Colliers International in Greater Phoenix released its Medical Office Research and Forecast Report for first quarter 2016.

Conditions were mixed in the Greater Phoenix medical office market in the first quarter. Vacancy ticked lower, but the rate rose in on-campus buildings. Across the market, rents dipped in the first quarter, but have inched higher over the past year. This uneven performance in medical office conditions is in contrast to the overall office market.

While the healthcare business model has been undergoing changes in recent years, tenant demand for medical office buildings has been on the rise.

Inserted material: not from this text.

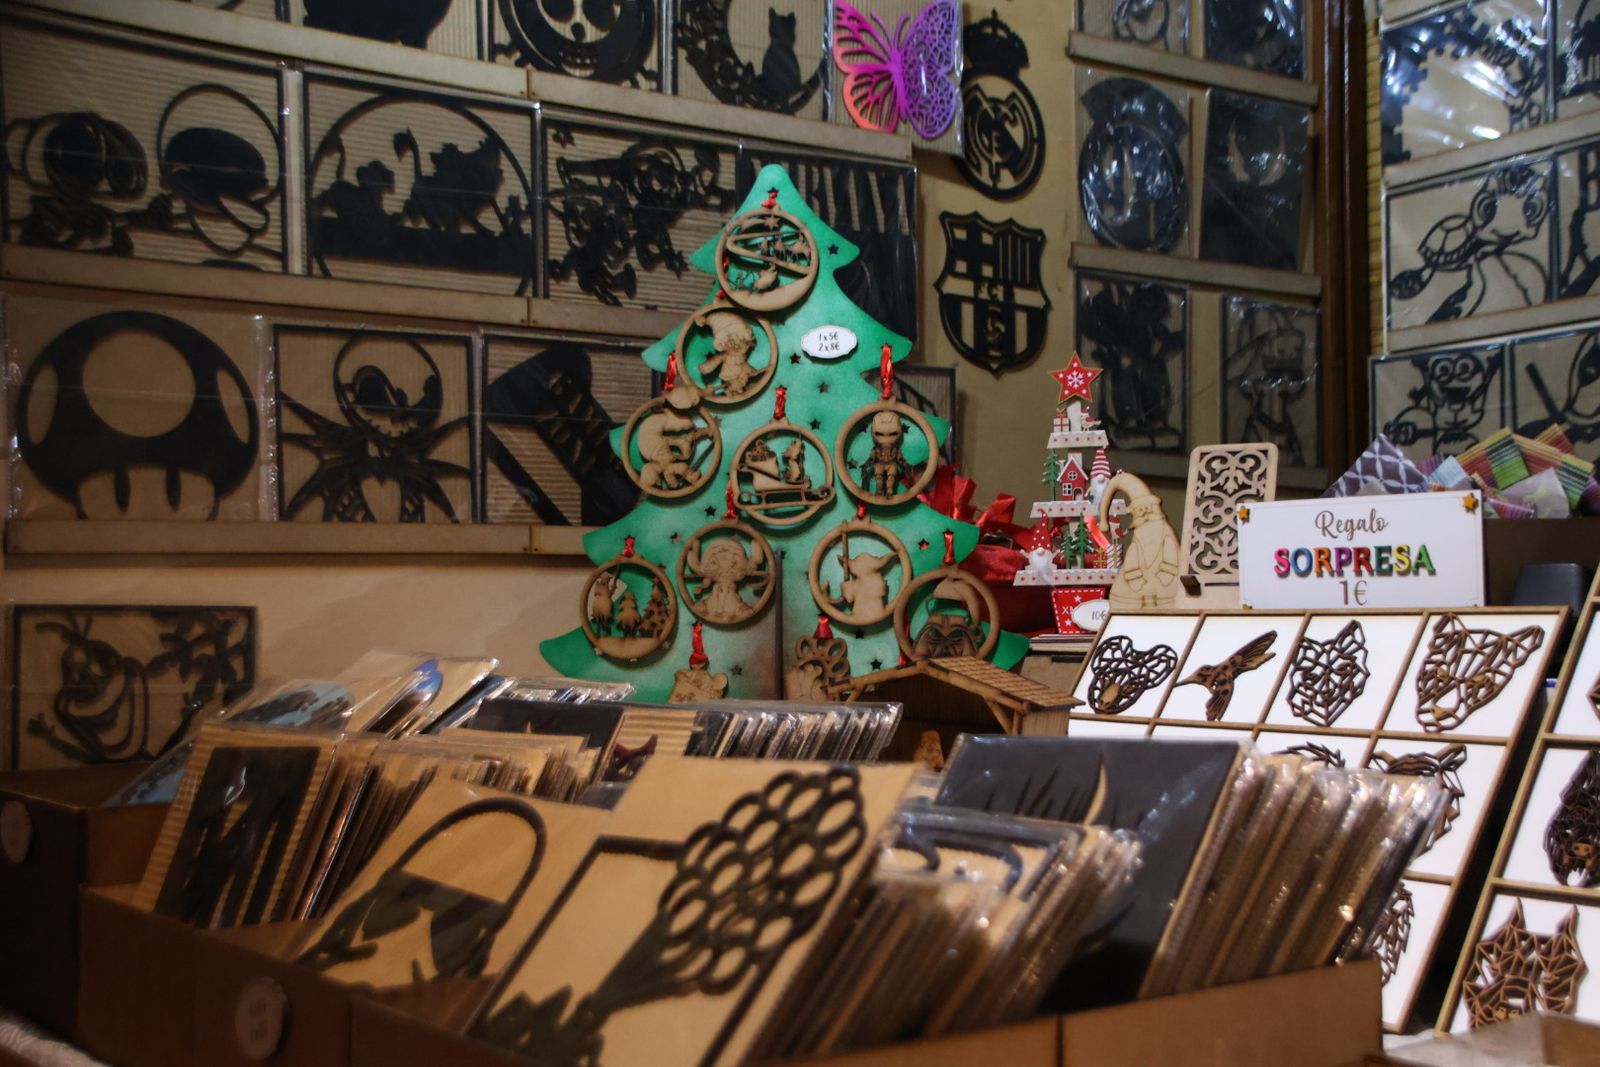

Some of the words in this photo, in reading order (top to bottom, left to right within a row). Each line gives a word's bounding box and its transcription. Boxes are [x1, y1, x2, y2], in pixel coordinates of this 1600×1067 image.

[1314, 508, 1389, 541] Regalo
[1274, 544, 1436, 578] SORPRESA
[1339, 580, 1368, 606] 1€

In Greater Phoenix, net absorption has been positive in each of the past six years, averaging more than 200,000 square feet annually.

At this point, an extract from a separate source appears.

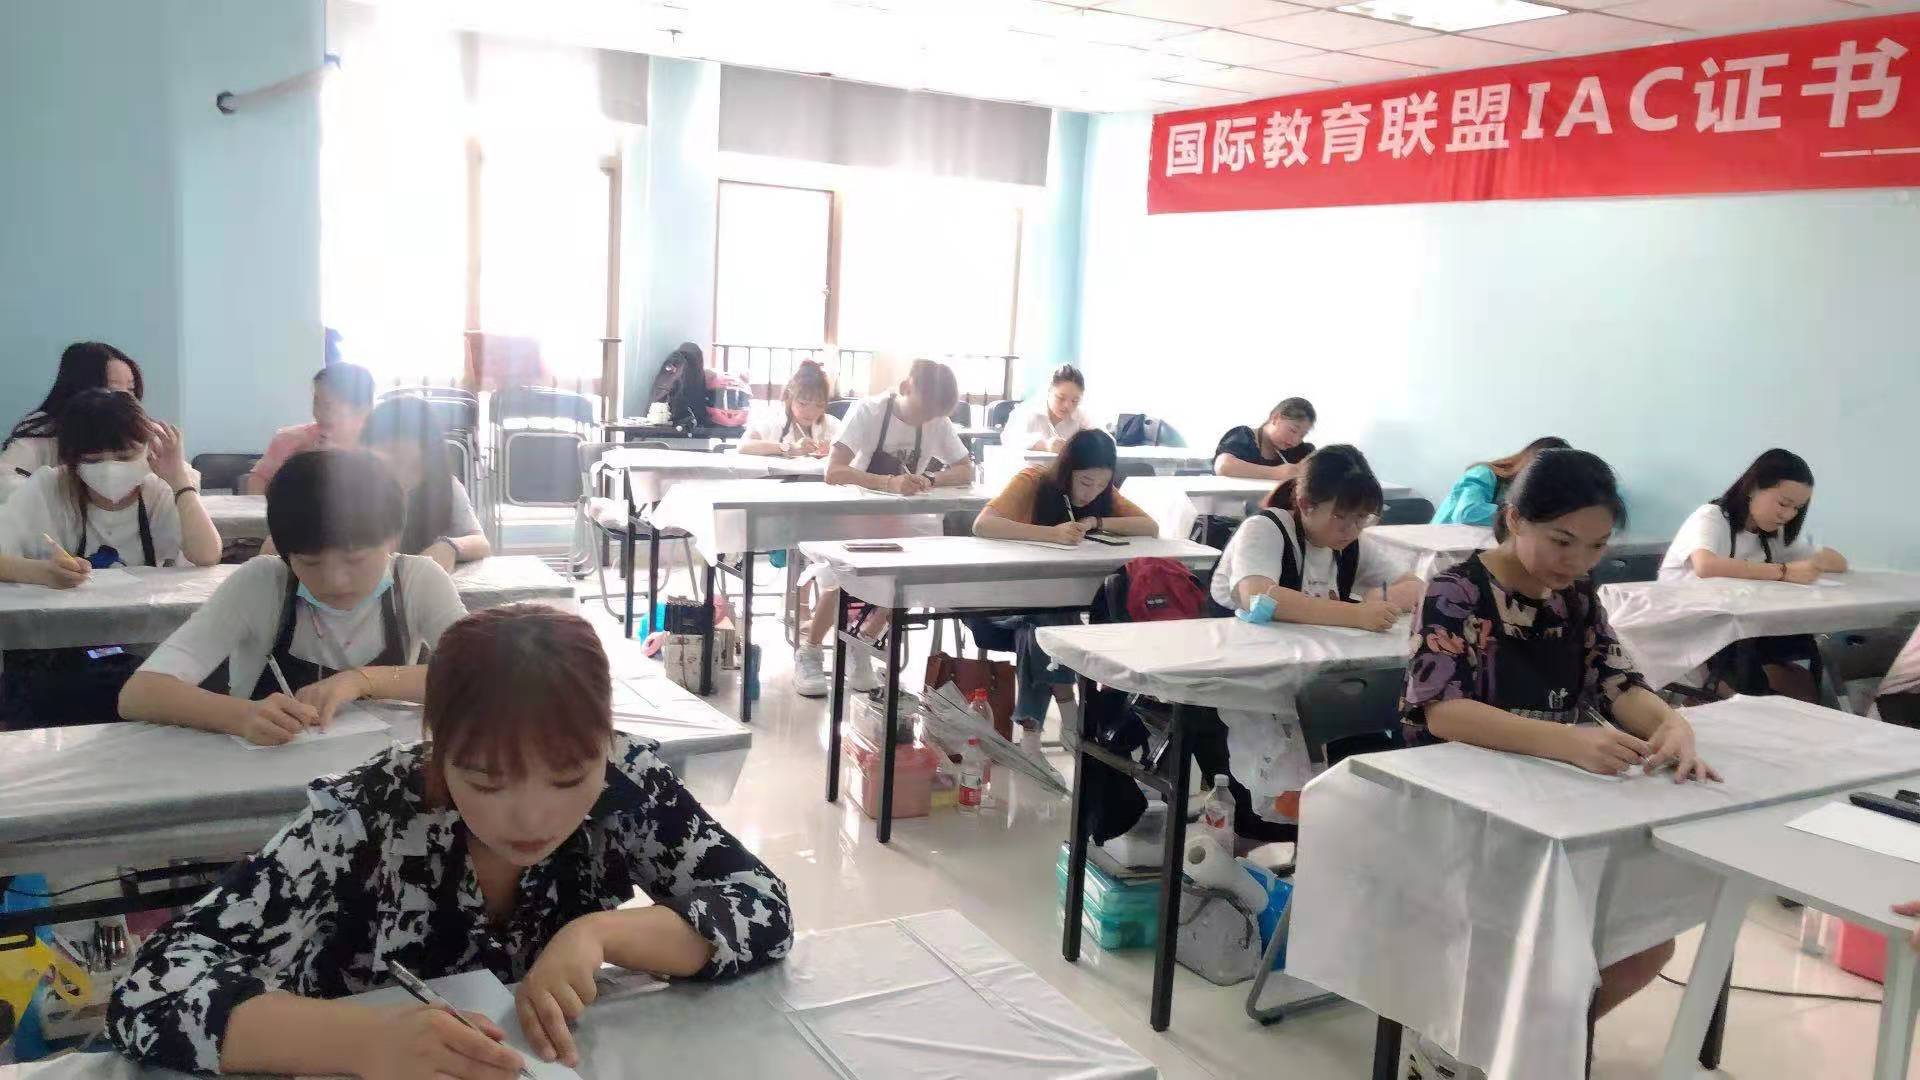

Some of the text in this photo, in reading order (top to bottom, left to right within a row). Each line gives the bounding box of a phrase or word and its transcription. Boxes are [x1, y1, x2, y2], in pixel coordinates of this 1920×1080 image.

That trend continued in the first quarter, with tenants moving into a net of more than 95,000 square feet. Much of the net absorption and new development is concentrated in the West Valley, as healthcare providers position themselves in the path of future population growth.

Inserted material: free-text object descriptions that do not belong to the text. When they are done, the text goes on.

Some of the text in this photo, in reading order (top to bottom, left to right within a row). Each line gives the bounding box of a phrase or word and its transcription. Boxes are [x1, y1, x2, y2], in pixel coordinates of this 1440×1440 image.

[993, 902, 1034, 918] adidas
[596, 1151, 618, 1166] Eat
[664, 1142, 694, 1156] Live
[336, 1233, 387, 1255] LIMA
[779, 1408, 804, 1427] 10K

Tenant demand for medical office space will strengthen in response to accelerating employment expansion and rising population growth. After slowing in the aftermath of the recession, local population growth accelerated to 2 percent per year in 2014 and 2015, and the pace of expansion is forecast to average 2.5 percent annually over the next few years. This influx of new residents will drive demand for healthcare and tenant demand for medical office space.

Vacancy:

  • The vacancy rate in the medical office market dipped 20 basis points to 16.7 percent in the first few months of the year, and the rate is 120 basis points lower than one year ago.
  • Vacancy trends in on-campus buildings edged higher to start 2016, ending the first quarter at 18.7 percent, the second straight quarter where the rate has pushed higher. Despite the recent upticks, vacancy is 90 basis points lower than one year ago.
  • Vacancy in off-campus buildings ended the first quarter at 16.1 percent, 50 basis points lower than at the end of 2015. The rate has improved by 140 basis points over the past year, and is 290 basis points lower than it was 24 months ago.

Rents:

  • Rent trends have been uneven, rising in the second half of 2015 but ticking 0.7 percent lower in the first quarter of 2016. The average asking rent was $22.50 per square foot in the first quarter, up 1.6 percent year over year.
  • The on-campus buildings are outperforming the market as a whole. Asking rents in on-campus buildings have advanced 2.6 percent in the past year to $25.35 per square foot.
  • Asking rents in off-campus medical office buildings are up 0.9 percent year over year at $21.11 per square foot. Some of the strongest gains have been in the Chandler/Gilbert submarket, where asking have risen 31 percent in the last year.

Investment Trends:

  • Sales of medical office condos spiked by 40 percent from the fourth quarter of last year to the first quarter of 2016. This was the most active quarter of sales of medical condos since the second quarter of last year.
  • Prices for medical office condos rose, with the first quarter median price at $174 per square foot. The median price for condos has risen nearly 60 percent since 2012.
  • Sales of non-condo medical office buildings dipped 8 percent from the preceding three-month period. Transaction counts were up more than 20 percent compared to the first quarter of 2015.
  • The median price in sales of traditional medical office buildings was $119 per square foot in the first quarter, approximately 5 percent lower than the median price for all of 2015. Cap rates ticked lower, averaging in the mid- to high-7 percent range, down from 8.2 percent in 2015.